Start of INPUT FOR THIS TASK
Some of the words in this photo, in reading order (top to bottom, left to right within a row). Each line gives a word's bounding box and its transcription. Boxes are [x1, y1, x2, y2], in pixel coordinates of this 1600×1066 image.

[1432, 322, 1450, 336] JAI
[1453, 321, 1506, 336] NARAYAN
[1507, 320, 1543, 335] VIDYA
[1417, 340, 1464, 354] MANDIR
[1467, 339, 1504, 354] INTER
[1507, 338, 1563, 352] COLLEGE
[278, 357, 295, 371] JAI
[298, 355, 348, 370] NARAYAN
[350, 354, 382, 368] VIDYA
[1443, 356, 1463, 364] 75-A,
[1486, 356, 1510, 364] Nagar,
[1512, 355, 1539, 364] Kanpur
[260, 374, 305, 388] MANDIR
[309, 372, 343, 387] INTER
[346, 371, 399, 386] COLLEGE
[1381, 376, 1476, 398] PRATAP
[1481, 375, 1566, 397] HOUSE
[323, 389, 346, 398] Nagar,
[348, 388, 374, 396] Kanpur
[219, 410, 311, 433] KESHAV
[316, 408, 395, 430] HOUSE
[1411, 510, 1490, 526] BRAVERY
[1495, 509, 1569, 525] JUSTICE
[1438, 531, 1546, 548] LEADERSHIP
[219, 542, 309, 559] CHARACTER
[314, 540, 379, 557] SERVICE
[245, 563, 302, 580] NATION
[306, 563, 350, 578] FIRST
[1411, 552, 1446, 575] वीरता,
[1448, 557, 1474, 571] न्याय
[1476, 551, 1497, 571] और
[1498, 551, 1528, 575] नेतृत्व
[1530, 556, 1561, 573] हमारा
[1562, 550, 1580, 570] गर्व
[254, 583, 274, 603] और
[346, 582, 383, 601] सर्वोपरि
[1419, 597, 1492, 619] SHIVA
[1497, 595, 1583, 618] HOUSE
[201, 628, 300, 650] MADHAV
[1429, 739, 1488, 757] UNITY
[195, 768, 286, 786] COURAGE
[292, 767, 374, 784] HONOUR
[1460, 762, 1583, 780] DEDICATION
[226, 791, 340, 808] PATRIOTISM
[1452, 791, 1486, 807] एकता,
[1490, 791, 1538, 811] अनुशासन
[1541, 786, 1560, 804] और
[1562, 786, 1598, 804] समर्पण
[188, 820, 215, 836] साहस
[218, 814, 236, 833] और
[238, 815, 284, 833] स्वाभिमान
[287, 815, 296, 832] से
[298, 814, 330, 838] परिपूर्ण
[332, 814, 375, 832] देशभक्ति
End of INPUT FOR THIS TASK
EXERCISE DIRECTIONS:
From the first line to the last, repeat the records exactly.

ANSWER:
Some of the words in this photo, in reading order (top to bottom, left to right within a row). Each line gives a word's bounding box and its transcription. Boxes are [x1, y1, x2, y2], in pixel coordinates of this 1600×1066 image.

[1432, 322, 1450, 336] JAI
[1453, 321, 1506, 336] NARAYAN
[1507, 320, 1543, 335] VIDYA
[1417, 340, 1464, 354] MANDIR
[1467, 339, 1504, 354] INTER
[1507, 338, 1563, 352] COLLEGE
[278, 357, 295, 371] JAI
[298, 355, 348, 370] NARAYAN
[350, 354, 382, 368] VIDYA
[1443, 356, 1463, 364] 75-A,
[1486, 356, 1510, 364] Nagar,
[1512, 355, 1539, 364] Kanpur
[260, 374, 305, 388] MANDIR
[309, 372, 343, 387] INTER
[346, 371, 399, 386] COLLEGE
[1381, 376, 1476, 398] PRATAP
[1481, 375, 1566, 397] HOUSE
[323, 389, 346, 398] Nagar,
[348, 388, 374, 396] Kanpur
[219, 410, 311, 433] KESHAV
[316, 408, 395, 430] HOUSE
[1411, 510, 1490, 526] BRAVERY
[1495, 509, 1569, 525] JUSTICE
[1438, 531, 1546, 548] LEADERSHIP
[219, 542, 309, 559] CHARACTER
[314, 540, 379, 557] SERVICE
[245, 563, 302, 580] NATION
[306, 563, 350, 578] FIRST
[1411, 552, 1446, 575] वीरता,
[1448, 557, 1474, 571] न्याय
[1476, 551, 1497, 571] और
[1498, 551, 1528, 575] नेतृत्व
[1530, 556, 1561, 573] हमारा
[1562, 550, 1580, 570] गर्व
[254, 583, 274, 603] और
[346, 582, 383, 601] सर्वोपरि
[1419, 597, 1492, 619] SHIVA
[1497, 595, 1583, 618] HOUSE
[201, 628, 300, 650] MADHAV
[1429, 739, 1488, 757] UNITY
[195, 768, 286, 786] COURAGE
[292, 767, 374, 784] HONOUR
[1460, 762, 1583, 780] DEDICATION
[226, 791, 340, 808] PATRIOTISM
[1452, 791, 1486, 807] एकता,
[1490, 791, 1538, 811] अनुशासन
[1541, 786, 1560, 804] और
[1562, 786, 1598, 804] समर्पण
[188, 820, 215, 836] साहस
[218, 814, 236, 833] और
[238, 815, 284, 833] स्वाभिमान
[287, 815, 296, 832] से
[298, 814, 330, 838] परिपूर्ण
[332, 814, 375, 832] देशभक्ति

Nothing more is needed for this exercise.